Does this "tree like" function stay finite?

Question

Or more importantly, does it have a name?

The function f(k)=x I have found goes under these rules,

1. There is a group of n strings containing k characters
2. Each string is 1 character longer than the last. Ex: 1, 22, 333...
3. Every string cannot contain the strings before it
4. Characters cannot be repeated more than 3 times in a row
5. x is the highest possible n that can have a group following these rules

From this I can find f(1)=1
[1]
f(2)=2
[1, 22]
f(3)=4
[1, 32, 333, 2223]
What do f(4), f(5), f(6) equal?
I don't know how I would calculate this.

Answer 1

When k=5 there is the infinite sequence 1, 22, 333, 2323, 25323, 232423, 2532423, 23242423, 253242423, 2324242423, 25324242423, 232424242423, ... created by setting the first three terms to 1, 22, 333, then expanding $23\underbrace{242424\ldots 2424}_{\textrm{ many copies of }24}23$, inserting a 5 in the middle when necessary. Using blocks "23" and "24" of two characters instead of one keeps this sequence from violating rule 4.

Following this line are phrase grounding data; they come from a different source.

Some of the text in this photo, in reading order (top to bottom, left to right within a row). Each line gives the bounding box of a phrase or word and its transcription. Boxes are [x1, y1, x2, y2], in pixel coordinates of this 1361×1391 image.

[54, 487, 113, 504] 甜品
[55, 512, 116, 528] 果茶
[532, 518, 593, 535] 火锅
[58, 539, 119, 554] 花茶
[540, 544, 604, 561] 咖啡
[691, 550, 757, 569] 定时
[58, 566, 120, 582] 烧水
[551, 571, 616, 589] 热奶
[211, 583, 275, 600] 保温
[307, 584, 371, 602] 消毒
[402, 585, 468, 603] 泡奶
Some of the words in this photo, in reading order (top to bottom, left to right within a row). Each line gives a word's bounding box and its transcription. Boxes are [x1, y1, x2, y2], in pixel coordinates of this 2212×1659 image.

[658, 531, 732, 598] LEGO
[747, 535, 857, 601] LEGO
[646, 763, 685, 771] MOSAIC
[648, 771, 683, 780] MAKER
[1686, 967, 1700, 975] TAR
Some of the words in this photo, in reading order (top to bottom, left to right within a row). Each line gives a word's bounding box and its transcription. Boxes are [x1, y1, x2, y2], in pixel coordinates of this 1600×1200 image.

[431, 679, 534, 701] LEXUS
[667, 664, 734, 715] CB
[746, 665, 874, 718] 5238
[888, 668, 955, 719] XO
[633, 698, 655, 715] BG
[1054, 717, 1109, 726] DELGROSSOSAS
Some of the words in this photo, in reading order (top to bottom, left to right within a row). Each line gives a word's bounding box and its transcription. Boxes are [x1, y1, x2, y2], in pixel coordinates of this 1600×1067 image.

This function looks similar to Friedman's block subsequence function, but different in a few ways, for example Friedman allows "subsequence" to be non-contiguous: e.g. 343 is a subsequence of 3443 in this way, since while you are searching for the first sequence in the second sequence, you are allowed to "skip over" terms in the second sequence. The precise definition is given on page 2 of Friedman's paper "Long Finite Sequences".